The major benchmarks ended mixed following a week in which first-quarter earnings reports seemed to grab the spotlight from a relatively light economic calendar and the CBOE Volatility Index (VIX), Wall Street’s so-called fear gauge, fell to its lowest level since late 2021.
88 of the S&P 500 companies have reported first quarter earnings so far and whilst showing a decline year on year of around 7%, many have surpassed analyst estimates. The consensus is forecasting an increase in earnings of 10% or so over the coming year. But if a recession were to unfold, further declines look certain to be seen and this remains one of the clear downside risks still hanging over equities.
The chance of a recession depends in part on how quickly inflation pressures ease and whether we are close to the peak in interest rates. Headline inflation has now fallen back substantially in the US to 5.0% from a high of 9.1% and in the Eurozone to 6.9% from 10.6%.

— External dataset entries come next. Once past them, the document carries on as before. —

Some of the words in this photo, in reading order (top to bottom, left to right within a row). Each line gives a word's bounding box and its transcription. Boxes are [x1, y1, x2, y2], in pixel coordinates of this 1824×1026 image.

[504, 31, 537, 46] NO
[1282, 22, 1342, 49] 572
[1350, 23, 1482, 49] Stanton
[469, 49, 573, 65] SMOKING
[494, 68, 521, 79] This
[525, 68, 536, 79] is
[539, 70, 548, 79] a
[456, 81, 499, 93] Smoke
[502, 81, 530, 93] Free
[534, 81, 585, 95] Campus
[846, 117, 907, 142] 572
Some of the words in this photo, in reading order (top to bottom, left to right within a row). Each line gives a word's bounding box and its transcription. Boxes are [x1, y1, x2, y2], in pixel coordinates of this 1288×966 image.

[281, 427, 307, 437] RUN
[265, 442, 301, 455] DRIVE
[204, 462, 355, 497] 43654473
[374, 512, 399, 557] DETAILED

Unfortunately, the same cannot be said for the UK where annual UK consumer price growth in March slowed by less than expected to 10.1% from 10.4% in February, driven by surging food and drink prices, posting a gain of close to 20%, the largest rise for 30 years. Separate data from the Office for National Statistics indicated that wage growth showed few signs of moderating in the three months through February. Food prices were a major culprit, posting a gain of close to 20%, the largest rise for 30 years.

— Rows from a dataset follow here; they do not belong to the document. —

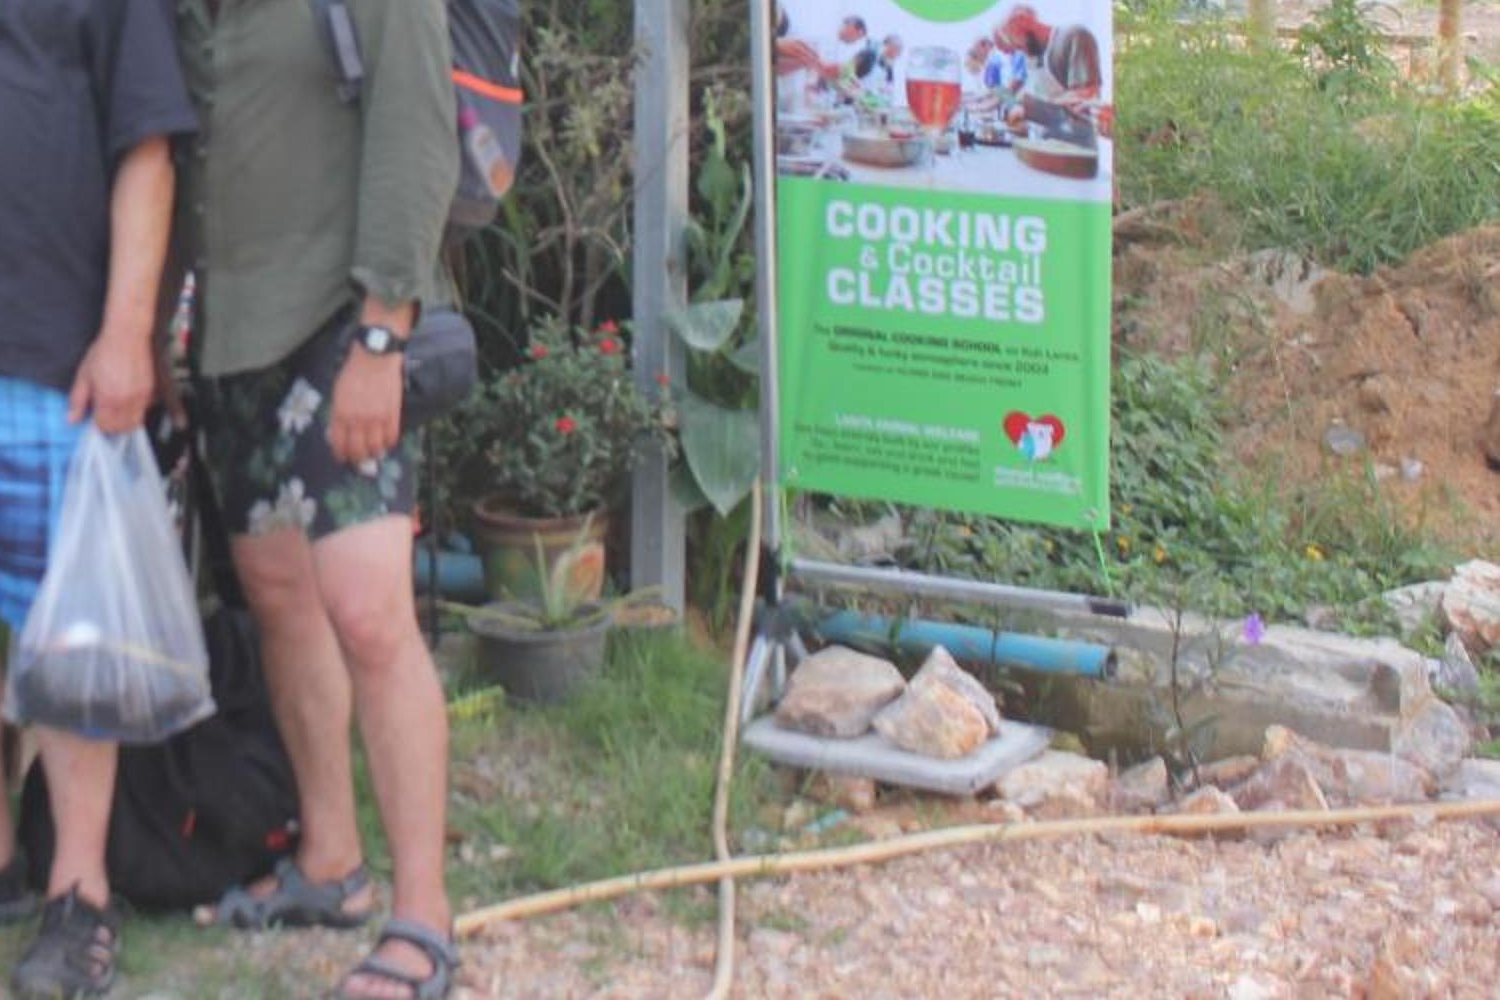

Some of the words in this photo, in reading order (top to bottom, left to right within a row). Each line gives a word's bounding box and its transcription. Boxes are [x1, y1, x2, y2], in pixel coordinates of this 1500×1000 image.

[826, 200, 1048, 253] COOKING
[888, 241, 1042, 285] Cocktail
[826, 268, 1045, 324] CLASSES
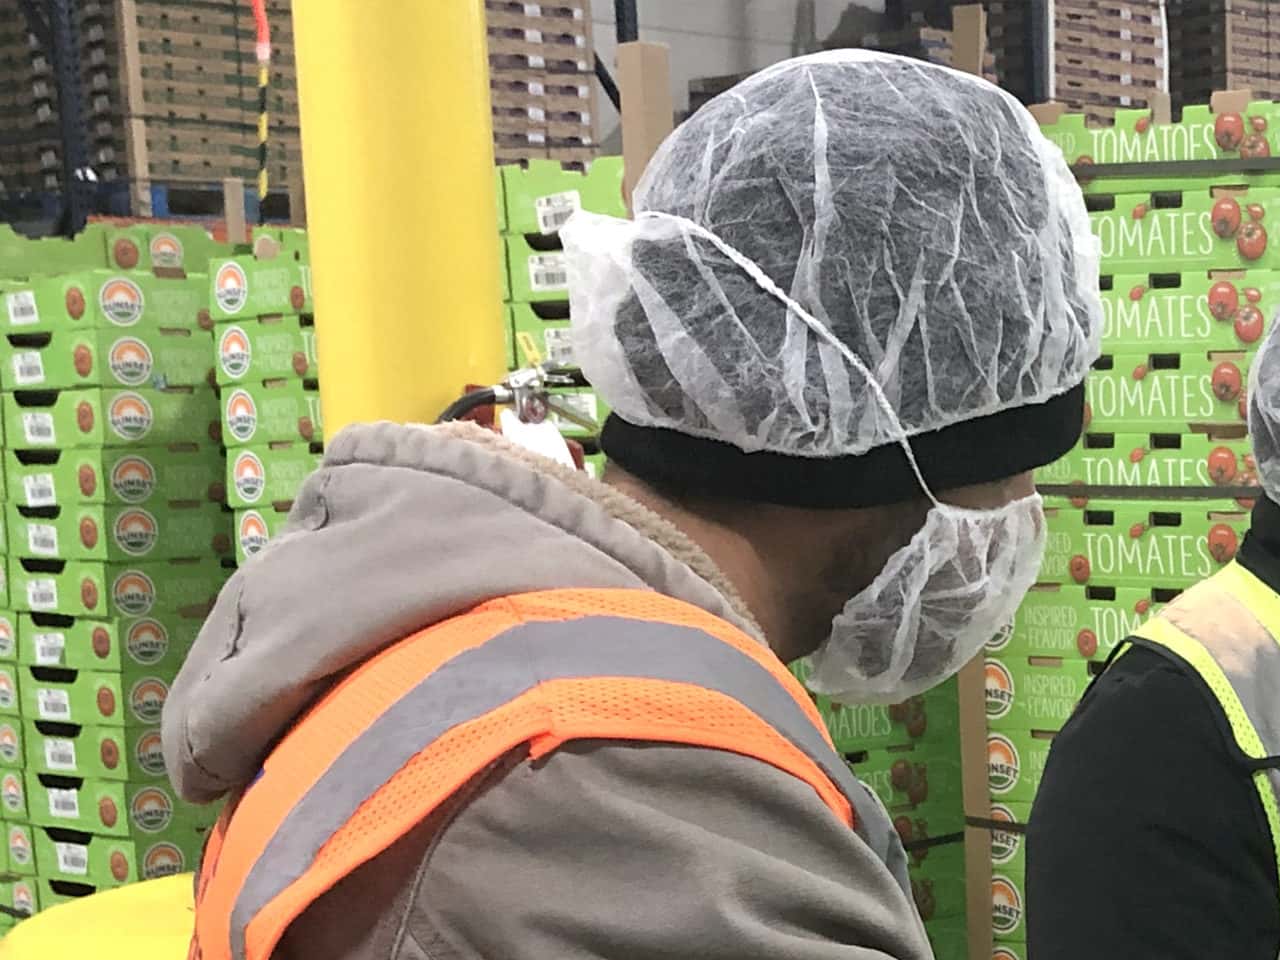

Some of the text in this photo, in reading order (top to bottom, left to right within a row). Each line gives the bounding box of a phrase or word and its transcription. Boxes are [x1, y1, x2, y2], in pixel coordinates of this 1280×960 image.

[1089, 123, 1218, 163] TOMATOES
[1100, 295, 1212, 339] OMATES
[1087, 375, 1214, 417] TOMATES
[1082, 456, 1209, 487] TOMATES
[1082, 532, 1211, 577] TOMATES
[985, 688, 1012, 702] NSET
[988, 764, 1018, 777] NSET
[991, 831, 1017, 848] NSET
[993, 904, 1021, 920] NSET

Global equities were flat for the week with the S&P 500 -0.1% and the Nasdaq -0.4% in the US. Europe and the UK fared best with gains of around 0.5%, while emerging markets were dragged down by a 2% decline in China. Despite the release of GDP data confirming a strong rebound in the first quarter as the economy reopened, Chinese equities suffered from worries that the US might further increase restrictions on its tech sector. Robust export growth and infrastructure investment, and a rebound in retail spending and property prices, drove the recovery. The data prompted several banks to raise their annual growth forecasts for China as consumption continues to recover.

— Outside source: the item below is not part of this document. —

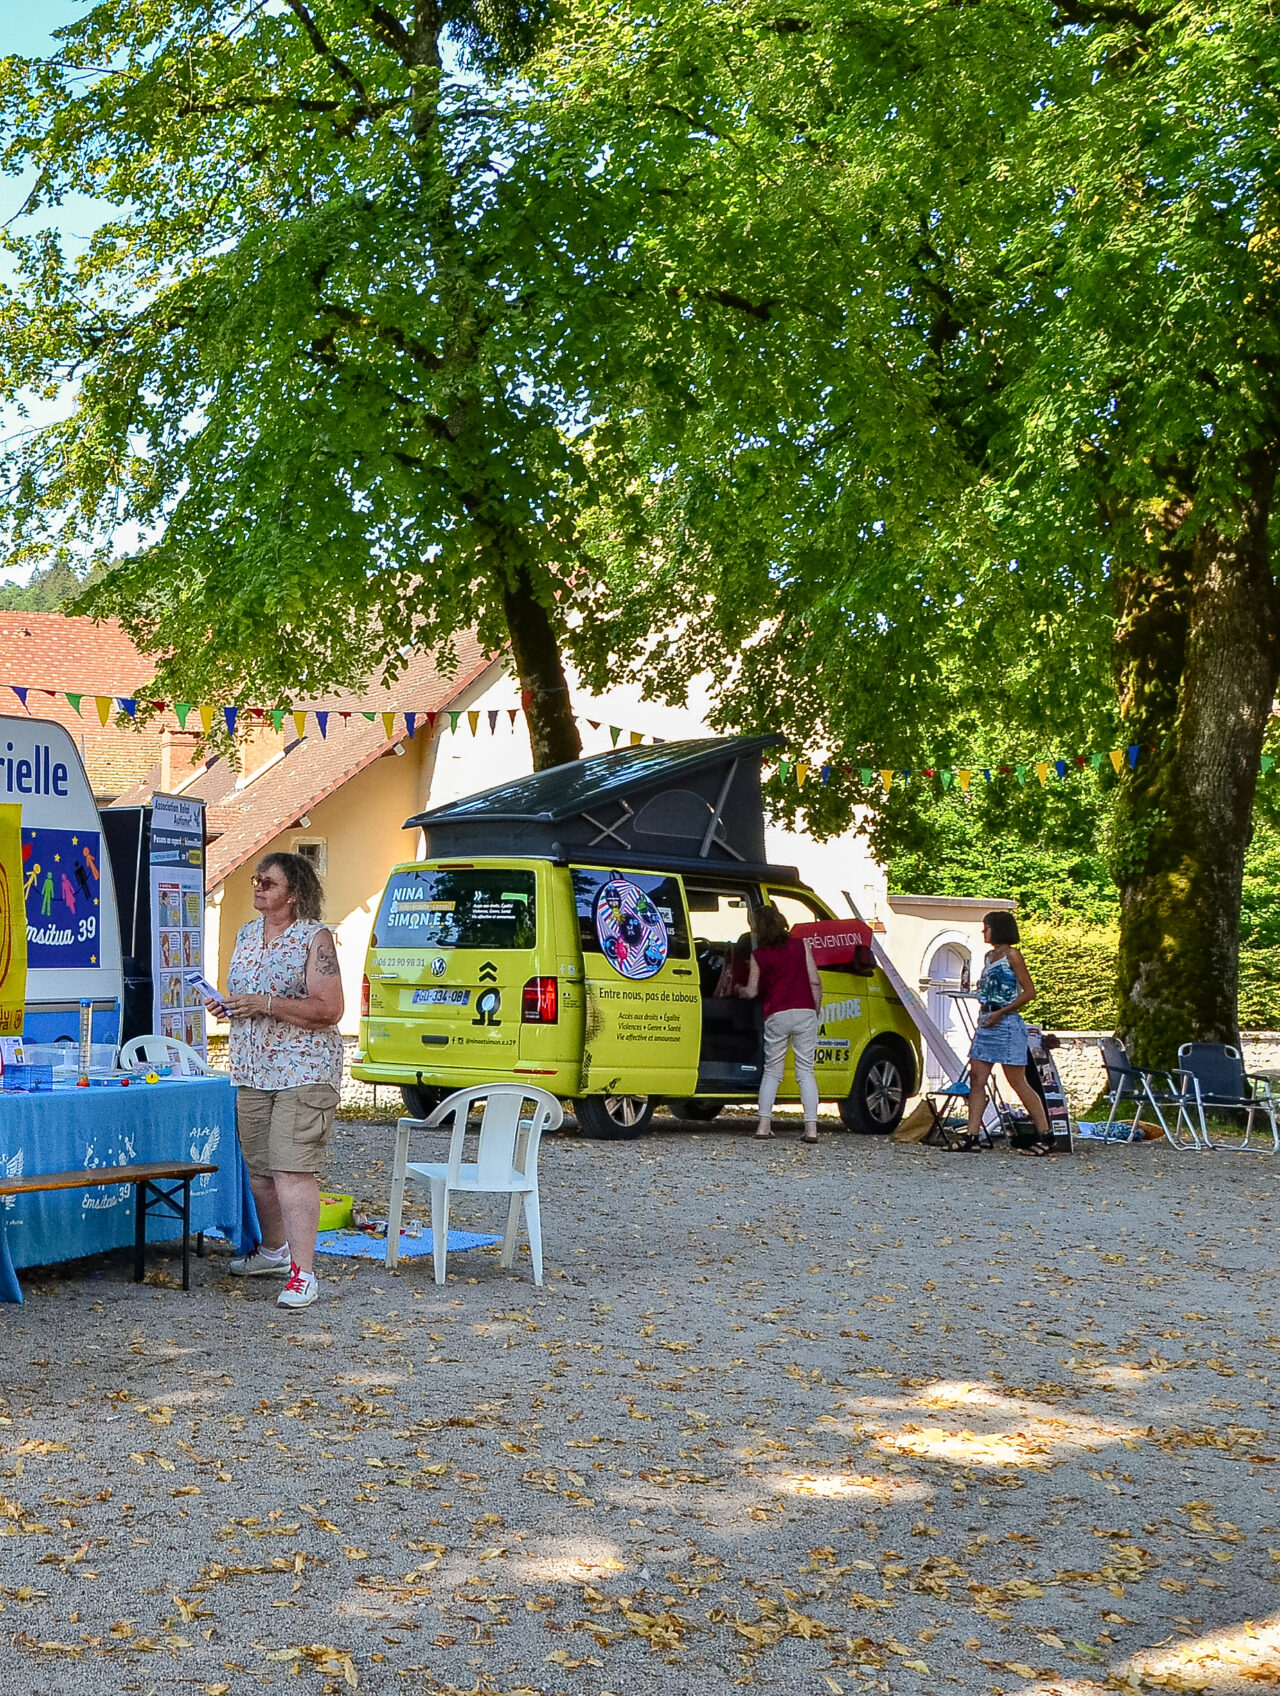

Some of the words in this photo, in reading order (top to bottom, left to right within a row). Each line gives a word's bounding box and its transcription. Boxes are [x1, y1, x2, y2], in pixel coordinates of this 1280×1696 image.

The yield on the benchmark 10-year U.S. Treasury note jumped following positive data released in the form of private sector employment and PMI data both surprising to the upside. European government bond yields edged higher as investors weighed the prospect of another interest rate hike from the European Central Bank (ECB) in May. The minutes of the March meeting of the ECB showed policymakers were split over the decision to raise benchmark interest rates by half a percentage point. A “very large majority” voted in favor of the decision, as “inflation remained far too high and was projected to remain high for too long.” Yields on 10-year German government debt climbed toward 2.5%, while yields on French sovereign bonds of the same maturity also ticked higher. In the UK, yields also rose on benchmark 10-year debt on strong inflation and wages data.